(Data for processing)

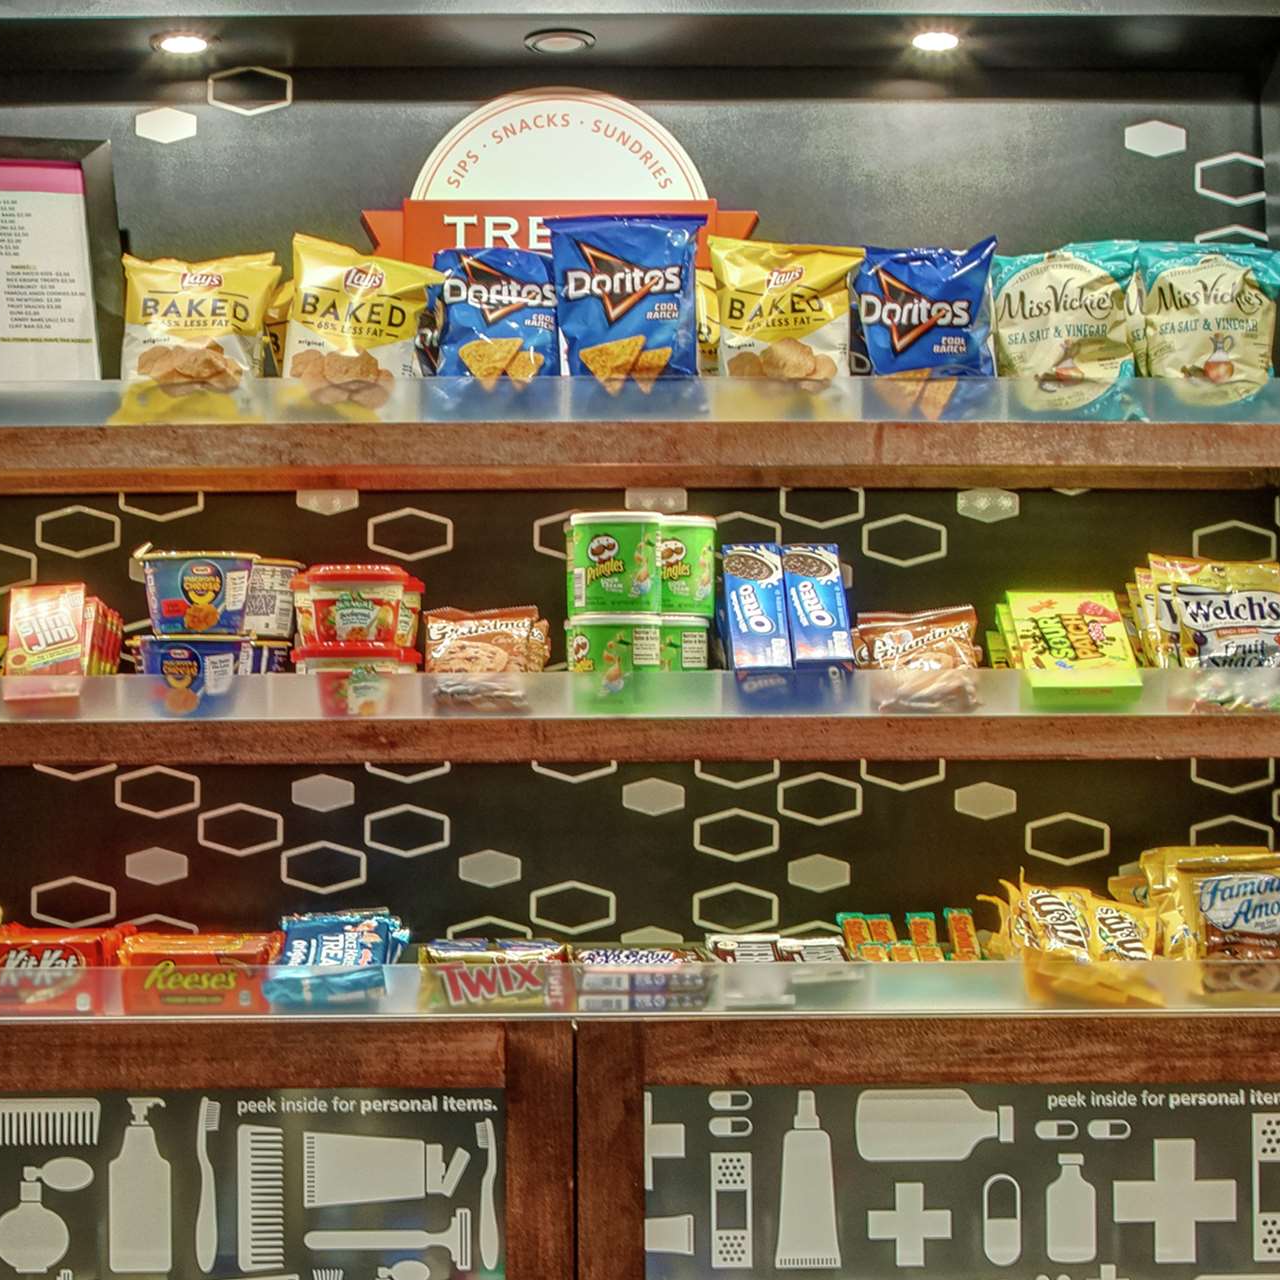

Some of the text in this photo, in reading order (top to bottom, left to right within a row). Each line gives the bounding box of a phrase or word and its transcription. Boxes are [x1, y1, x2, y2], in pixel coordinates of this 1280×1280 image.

[446, 113, 673, 190] SIPS SNACKS SUNDRIES
[443, 277, 557, 308] Doritos
[567, 266, 682, 299] Doritos
[141, 296, 250, 323] BAKED
[300, 292, 407, 329] BAKED
[646, 310, 679, 320] RANCH
[654, 302, 678, 312] COOL
[860, 294, 970, 327] Doritos
[184, 319, 209, 328] LESS
[211, 318, 230, 328] FAT
[341, 326, 363, 337] LSS
[365, 327, 384, 338] FAT
[766, 317, 790, 328] LESS
[793, 315, 811, 326] FAT
[1159, 322, 1176, 336] SEA
[1177, 319, 1200, 333] SALT
[1216, 317, 1258, 333] VINEGAR
[941, 336, 966, 346] COOL
[1007, 323, 1108, 346] SEA SALT & VINEGAR
[933, 344, 967, 354] RANCH
[585, 558, 626, 587] Pringles
[660, 562, 691, 582] ingles
[738, 584, 776, 635] OREO
[797, 580, 836, 628] OREO
[1037, 615, 1076, 661] SOUR
[1059, 613, 1105, 661] PATCH
[1224, 639, 1267, 658] Fruit
[437, 960, 542, 1004] Twix
[237, 1095, 498, 1116] peek inside for personal items.
[1047, 1091, 1086, 1111] peek
[1090, 1090, 1137, 1108] inside
[1140, 1089, 1167, 1107] for
[1169, 1088, 1245, 1110] personal
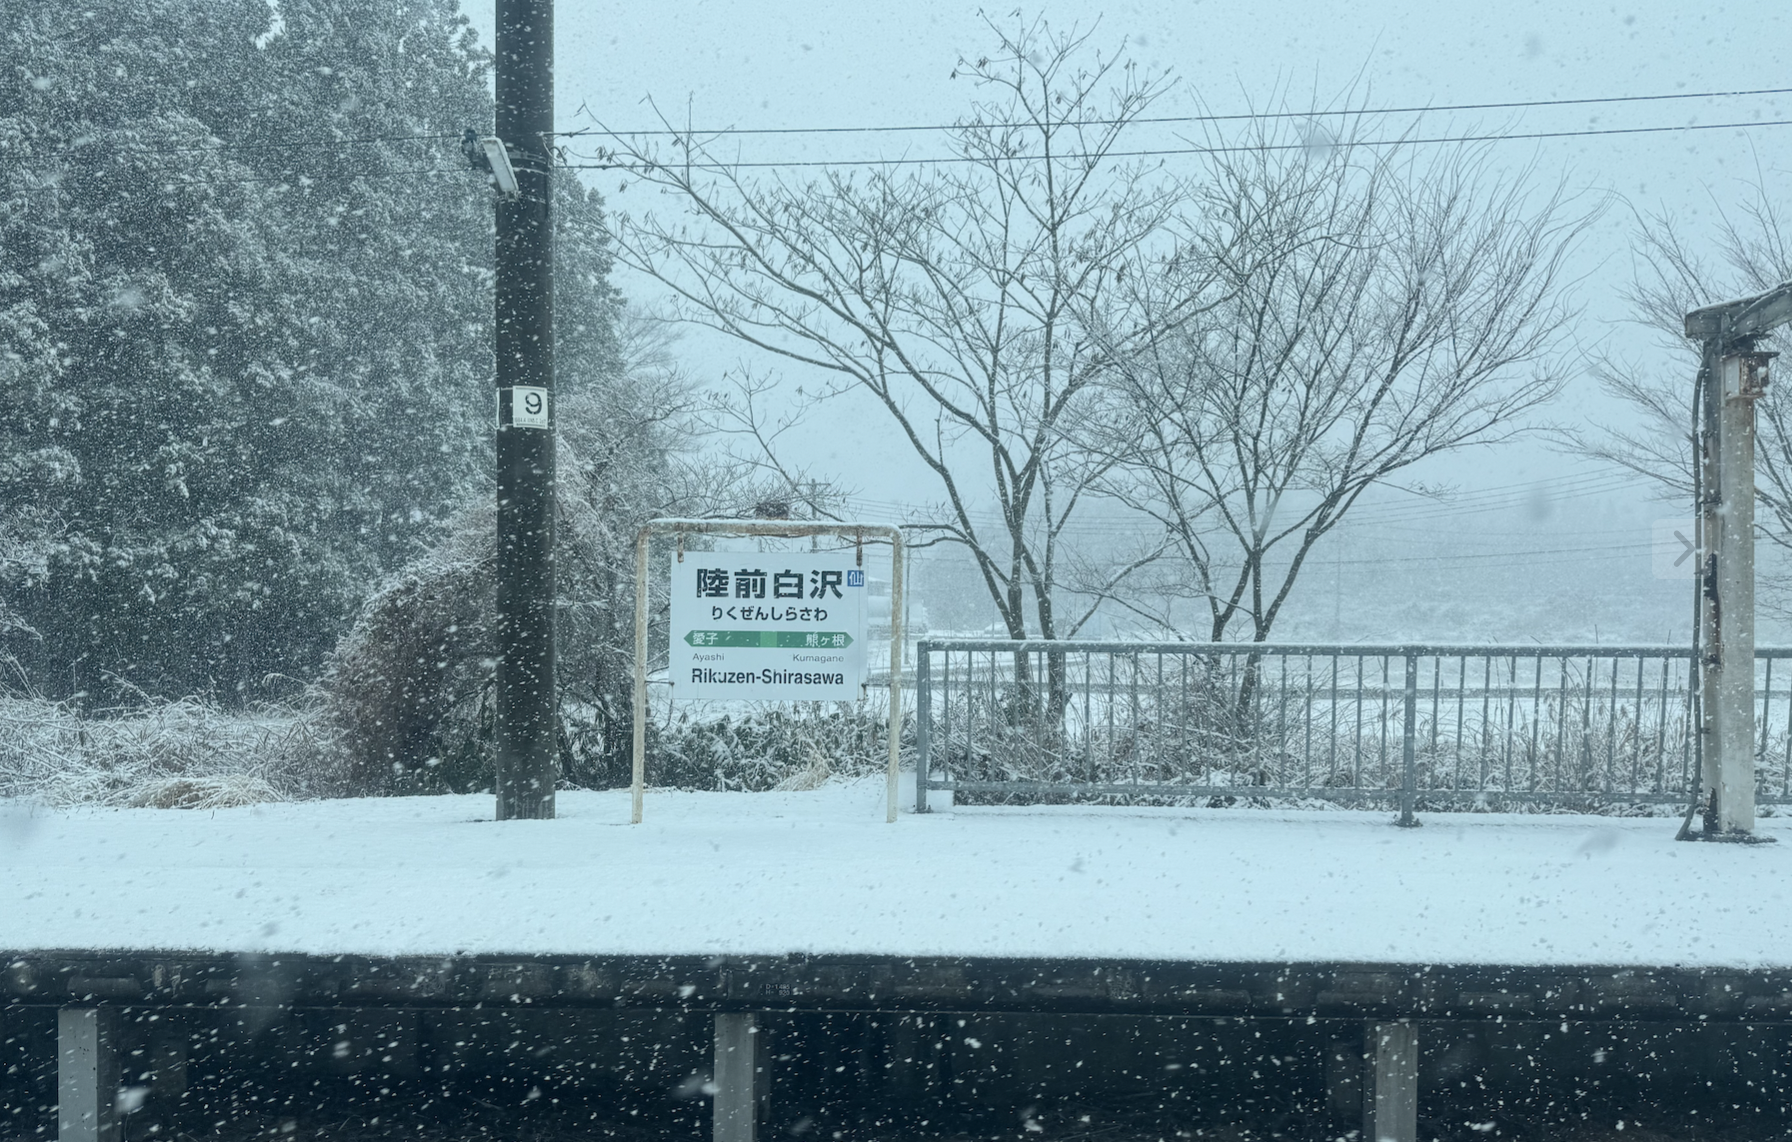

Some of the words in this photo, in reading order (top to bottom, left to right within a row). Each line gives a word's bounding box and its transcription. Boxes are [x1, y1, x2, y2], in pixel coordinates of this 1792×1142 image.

[525, 392, 542, 415] 9
[696, 568, 843, 600] 陸前白沢
[848, 570, 864, 587] 仙
[712, 605, 828, 621] りくぜんしらさわ
[692, 653, 725, 663] Ayashi
[792, 654, 844, 664] Kumagane
[692, 668, 844, 685] Rikuzen-Shirasawa
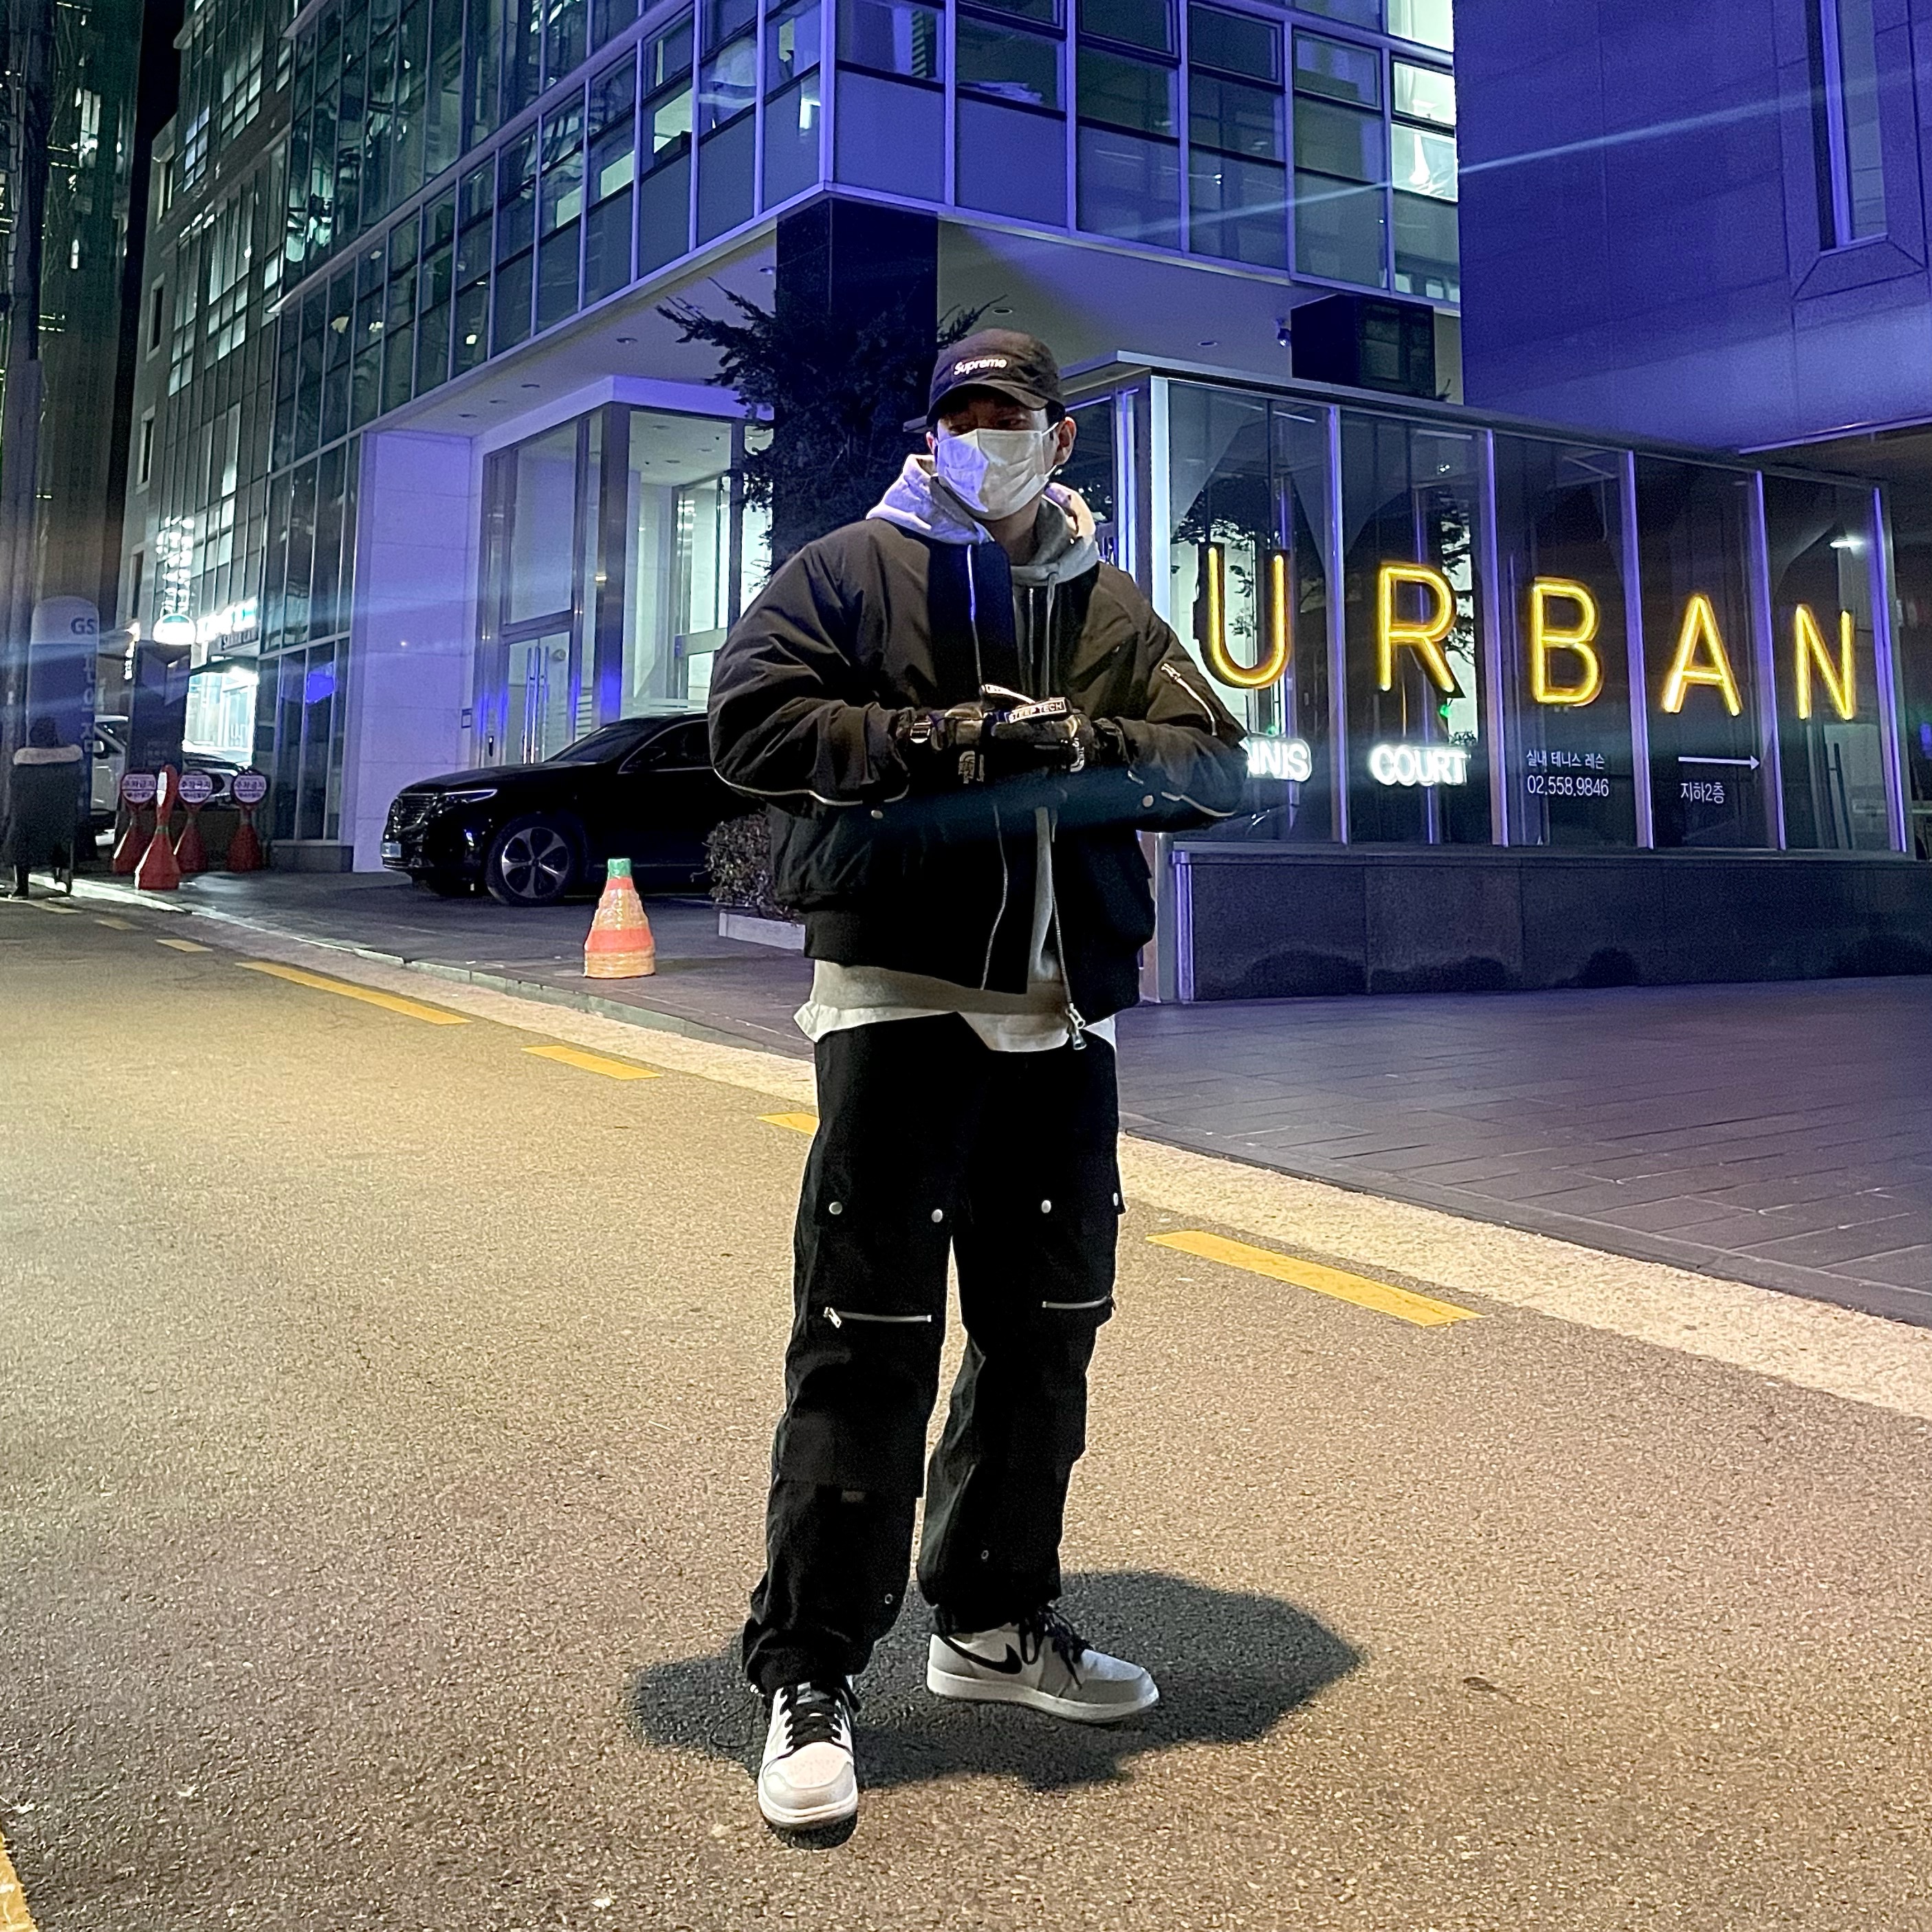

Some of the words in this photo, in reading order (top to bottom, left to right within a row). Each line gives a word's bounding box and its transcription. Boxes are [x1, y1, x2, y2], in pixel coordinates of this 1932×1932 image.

(End Data for processing)

Please retype every record shown above, exactly as written, but without pictures.

- Solved exercise
Some of the text in this photo, in reading order (top to bottom, left to right within a row). Each line gives the bounding box of a phrase or word and its transcription. Boxes are [x1, y1, x2, y2], in pixel coordinates of this 1280×1280 image.

[446, 113, 673, 190] SIPS SNACKS SUNDRIES
[443, 277, 557, 308] Doritos
[567, 266, 682, 299] Doritos
[141, 296, 250, 323] BAKED
[300, 292, 407, 329] BAKED
[646, 310, 679, 320] RANCH
[654, 302, 678, 312] COOL
[860, 294, 970, 327] Doritos
[184, 319, 209, 328] LESS
[211, 318, 230, 328] FAT
[341, 326, 363, 337] LSS
[365, 327, 384, 338] FAT
[766, 317, 790, 328] LESS
[793, 315, 811, 326] FAT
[1159, 322, 1176, 336] SEA
[1177, 319, 1200, 333] SALT
[1216, 317, 1258, 333] VINEGAR
[941, 336, 966, 346] COOL
[1007, 323, 1108, 346] SEA SALT & VINEGAR
[933, 344, 967, 354] RANCH
[585, 558, 626, 587] Pringles
[660, 562, 691, 582] ingles
[738, 584, 776, 635] OREO
[797, 580, 836, 628] OREO
[1037, 615, 1076, 661] SOUR
[1059, 613, 1105, 661] PATCH
[1224, 639, 1267, 658] Fruit
[437, 960, 542, 1004] Twix
[237, 1095, 498, 1116] peek inside for personal items.
[1047, 1091, 1086, 1111] peek
[1090, 1090, 1137, 1108] inside
[1140, 1089, 1167, 1107] for
[1169, 1088, 1245, 1110] personal

Some of the words in this photo, in reading order (top to bottom, left to right within a row). Each line gives a word's bounding box and its transcription. Boxes are [x1, y1, x2, y2], in pixel coordinates of this 1792×1142 image.

[525, 392, 542, 415] 9
[696, 568, 843, 600] 陸前白沢
[848, 570, 864, 587] 仙
[712, 605, 828, 621] りくぜんしらさわ
[692, 653, 725, 663] Ayashi
[792, 654, 844, 664] Kumagane
[692, 668, 844, 685] Rikuzen-Shirasawa

Some of the words in this photo, in reading order (top to bottom, left to right within a row). Each line gives a word's bounding box and its transcription. Boxes are [x1, y1, x2, y2], in pixel coordinates of this 1932×1932 image.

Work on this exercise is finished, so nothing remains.